Maurice Walsh

For the translator Maurice Walshe, see Digha Nikaya.

Maurice Walsh (21 April 1879–18 February 1964) was an Irish novelist best known for the short story The Quiet Man which was later made into an Oscar-winning movie directed by John Ford and starring John Wayne and Maureen O'Hara. He was one of Ireland's best-selling authors in the 1930s.

Life

Maurice Walsh was born on 21 April 1879 in Ballydonoghue, near Listowel, County Kerry, Ireland. He was the third child of ten and the first son born to John Walsh, a local farmer, and his wife Elizabeth Buckley who lived in a three-roomed thatched farmhouse.

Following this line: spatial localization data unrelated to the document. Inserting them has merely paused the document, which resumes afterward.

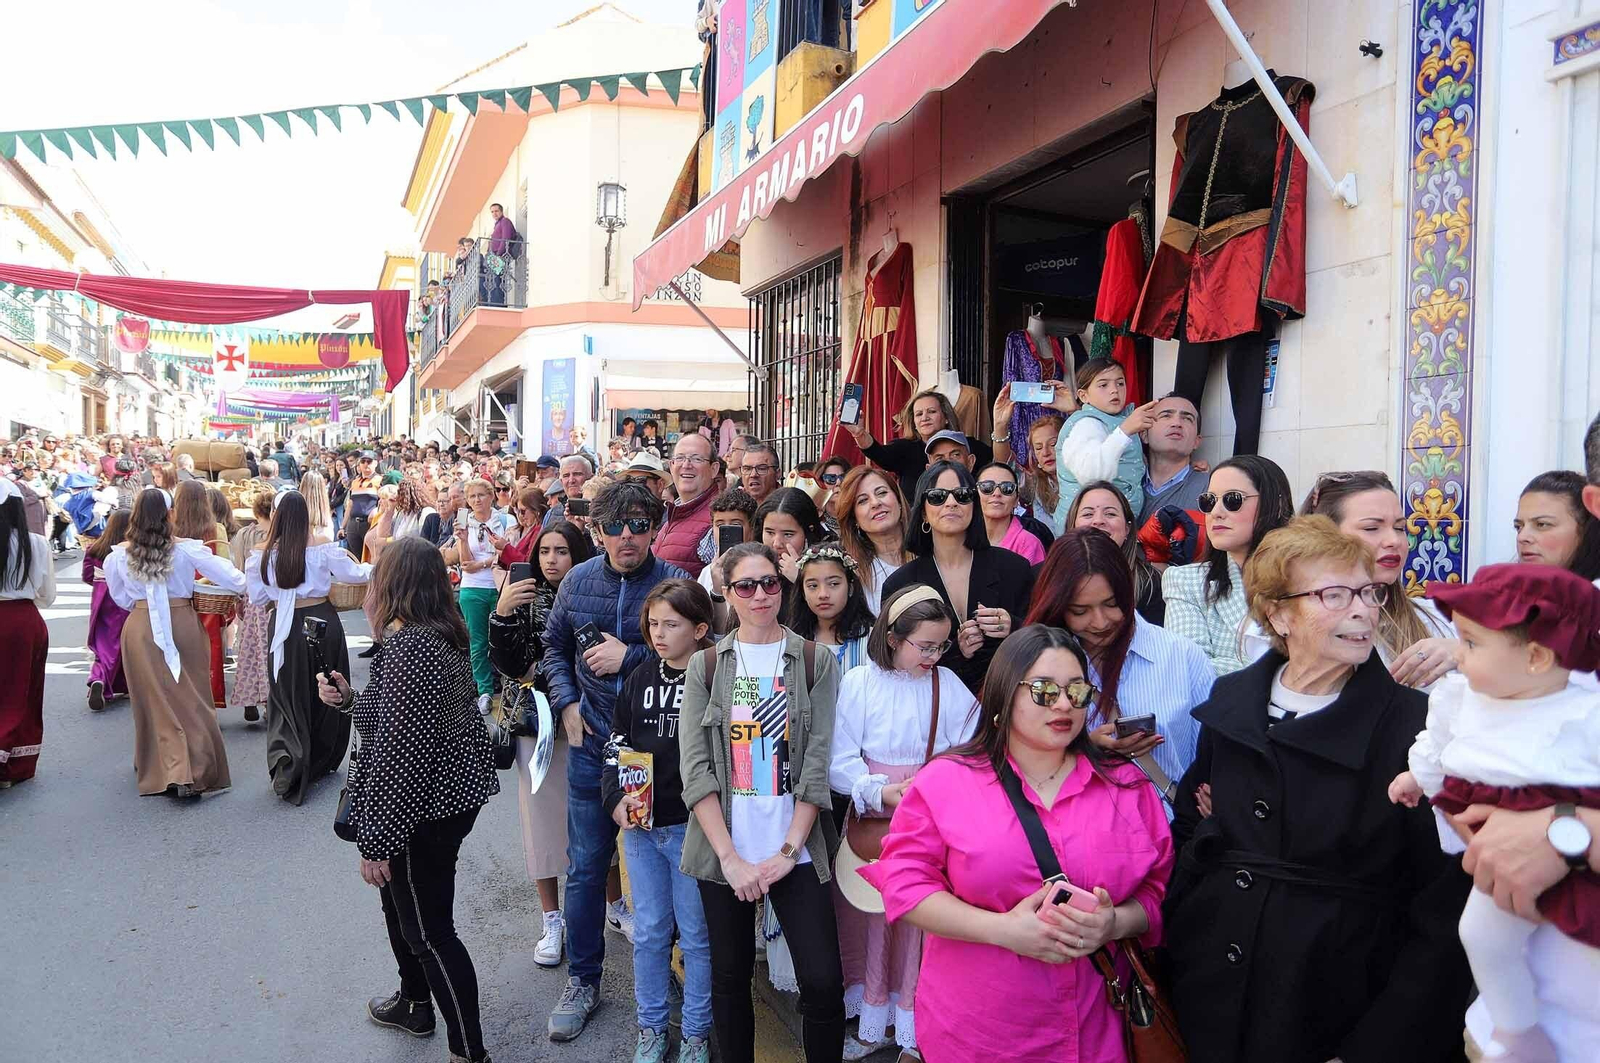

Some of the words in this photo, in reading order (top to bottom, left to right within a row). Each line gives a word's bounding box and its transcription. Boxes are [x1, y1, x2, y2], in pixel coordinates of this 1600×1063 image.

[704, 203, 727, 252] MI
[736, 93, 864, 229] ARMARIO
[730, 724, 756, 740] ST
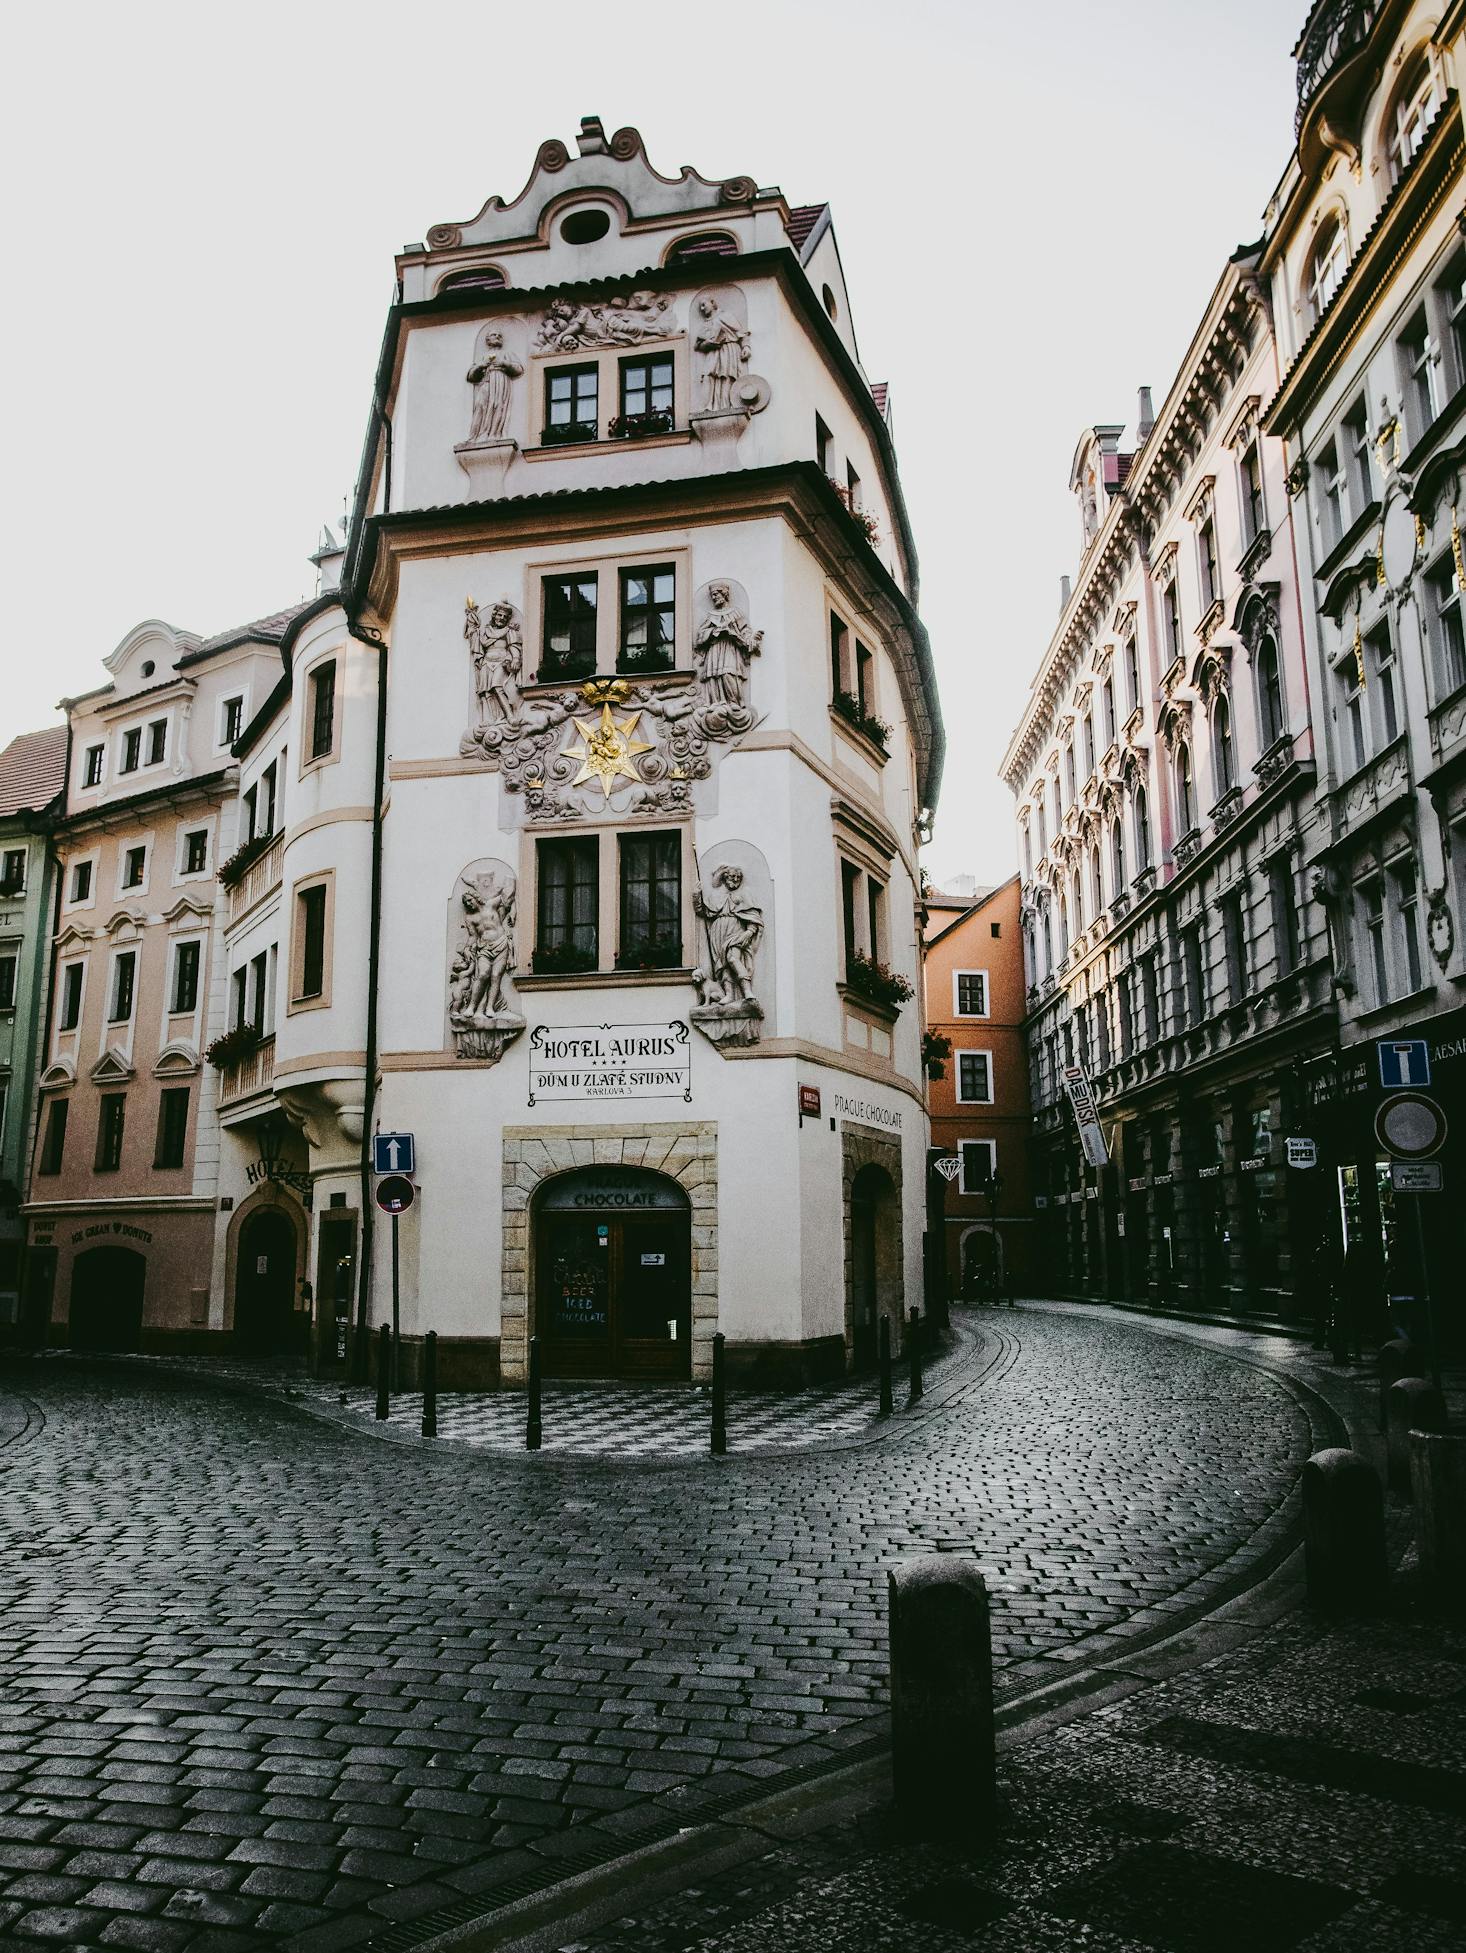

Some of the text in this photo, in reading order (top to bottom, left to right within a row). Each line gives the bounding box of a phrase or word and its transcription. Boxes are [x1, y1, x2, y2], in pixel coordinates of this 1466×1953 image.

[544, 1038, 675, 1059] HOTEL AURUS
[1431, 1038, 1466, 1063] AESA
[537, 1070, 684, 1088] DŮM U ZLATÉ STUDNY
[585, 1087, 625, 1096] KARLOVA
[834, 1094, 864, 1118] PRAGUE
[865, 1104, 902, 1129] CHOCOLATE
[1074, 1097, 1096, 1128] DISK
[1290, 1149, 1314, 1157] SUPER
[245, 1159, 295, 1185] HOEL
[574, 1193, 656, 1206] CHOCOLATE
[122, 1224, 153, 1244] DONUTS

John Walsh’s main interests were books and horses and he himself did little about the farm, preferring to have a hired man. The most famous of these was Paddy Bawn Enright, whose name was to be immortalised by Maurice Walsh in his story The Quiet Man (though the name was not used in the movie version). John Walsh passed on to his son not only a love of books but also legends and folk tales and the theory of place that were later to be a feature of many of Maurice’s books.

Maurice went to school in Lisselton, a mile or so up the road from Ballydonoghue, and later went to St Michael’s College in Listowel to prepare for the Civil Service examination. He entered the service on 2 July 1901 as an Assistant Revenue Officer in the Customs and Excise Service. He was posted to Scotland before the year was out and, although he subsequently had a number of postings outside Scotland, he would spend most of his time there while in the British service.

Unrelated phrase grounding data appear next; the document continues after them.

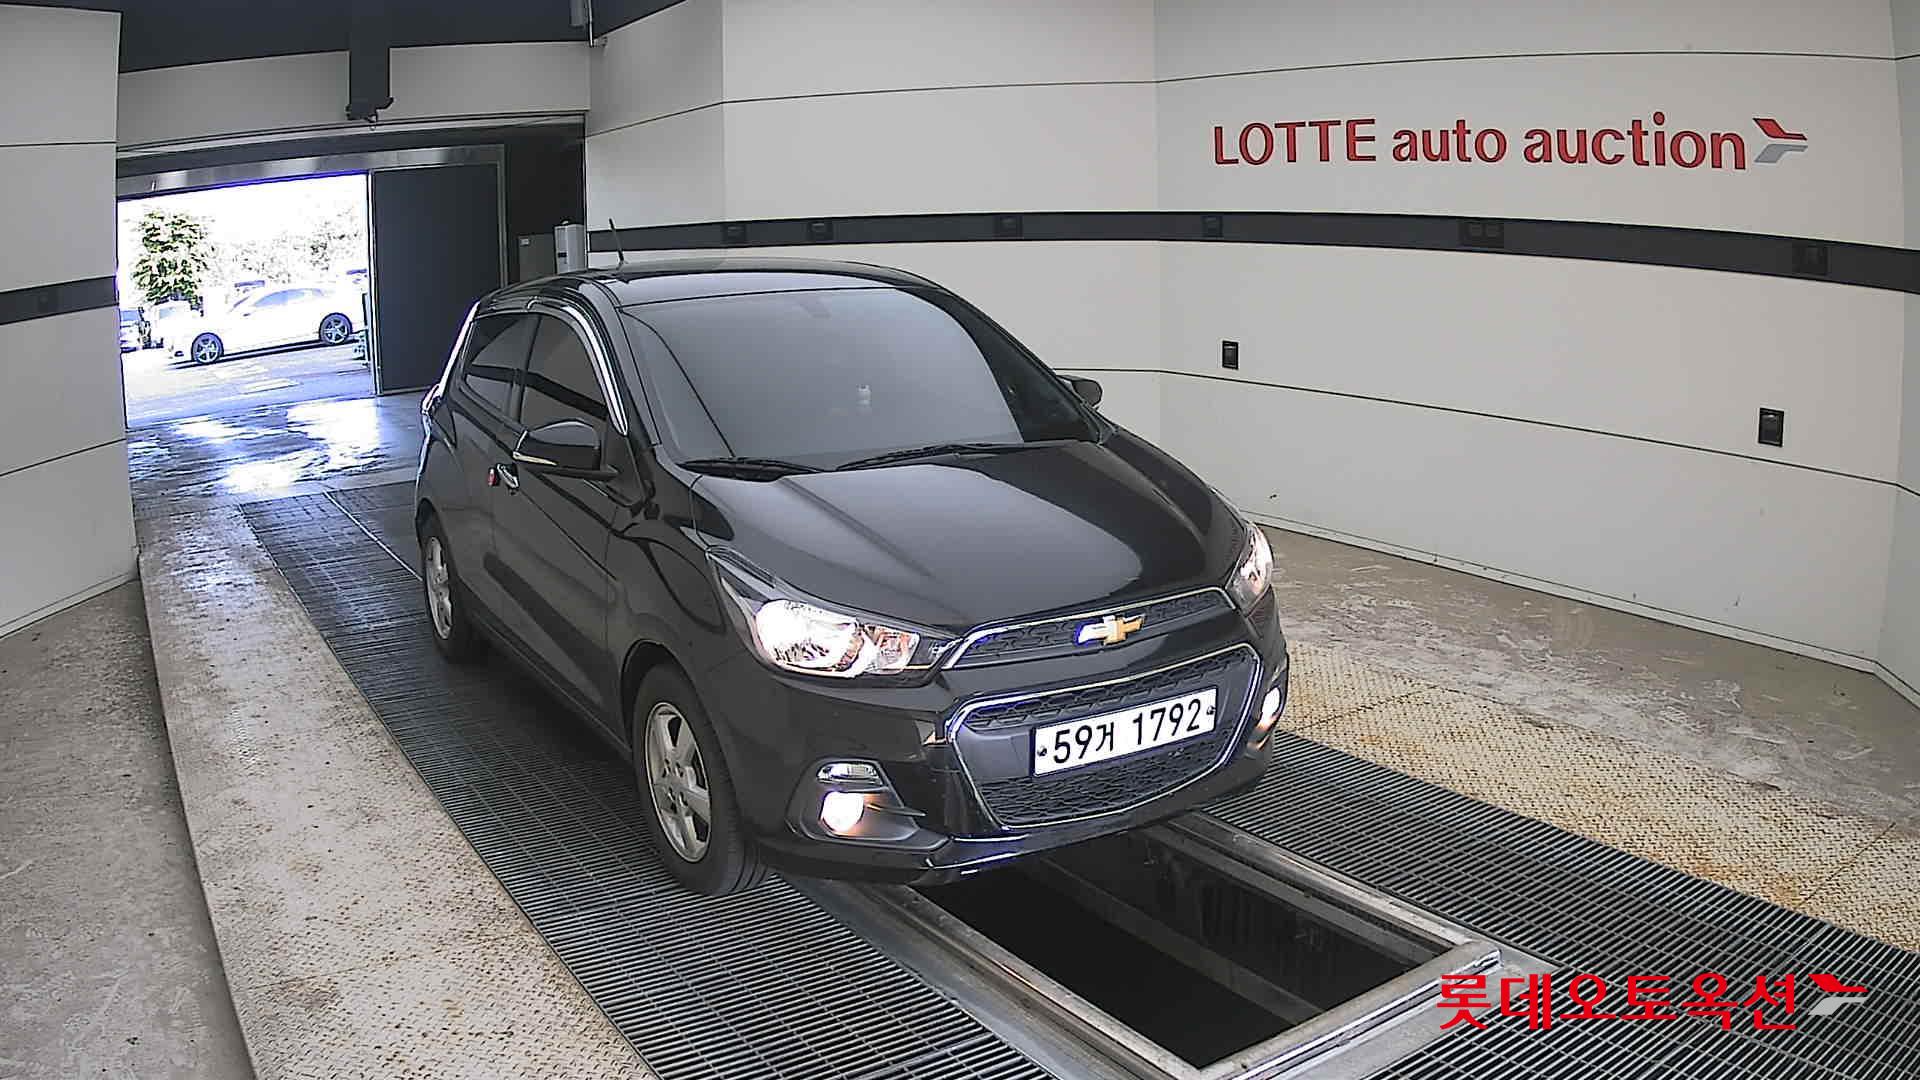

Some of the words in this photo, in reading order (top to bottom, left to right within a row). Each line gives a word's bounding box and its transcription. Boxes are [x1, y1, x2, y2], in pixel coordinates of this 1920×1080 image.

[1213, 118, 1376, 165] LOTTE
[1392, 119, 1507, 163] auto
[1523, 111, 1747, 170] auction
[1053, 721, 1115, 763] 59거
[1132, 698, 1201, 745] 1792

Maurice had always been interested in writing and, during his early years in Scotland, this interest started to bear fruit. He sent off some stories and had two published in the Irish Emerald in 1908. That year also saw his marriage, on 8 August 1908, in Dufftown, Banffshire, Scotland, to Caroline Begg (always known by her nickname "Toshon").

When the Irish Free State was formed in 1922, Maurice transferred to its excise service and moved to Dublin. Fighting was still going on there at the time and he left his family in Scotland until it was safe for them to join him in 1923. The story The Key Above the Door was written during those months of separation although it was not published until some years later, appearing first in Chambers Journal as a serial between December 1925 and May 1926 and then in book form (published by W & R Chambers Ltd) in July 1926.

Sales of Maurice Walsh’s books grew steadily, especially in the wake of an unsolicited and generous letter from J. M. Barrie (of Peter Pan fame), praising The Key Above the Door, that Chambers were subsequently able to use on dust covers of Maurice’s books.

Maurice retired from government service in 1933 but his success as a writer continued. Indeed, it was in that year that he first sold a story to the Saturday Evening Post, then a well-known weekly magazine published in the United States. That story (later to be incorporated in the collection of stories published under the title Green Rushes) was The Quiet Man.

Maurice became President of the Irish branch of PEN in 1938 and visited the United States for an international meeting that year as the Irish delegate. His wife Caroline was able to accompany him although she had been in failing health for some years. She died in January 1941. Maurice himself died on February 18, 1964 in Blackrock (a suburb of Dublin) and is buried in the Esker cemetery at Lucan, County Dublin.

Maurice Walsh was an Irish nationalist and made one of his main characters, Hugh Forbes, an active fighter against the Black and Tans in the Irish War of Independence (see Green Rushes, The Small Dark Man and The Prudent Man, the final story in Son of a Tinker). President Éamon de Valera attended Maurice's funeral Mass.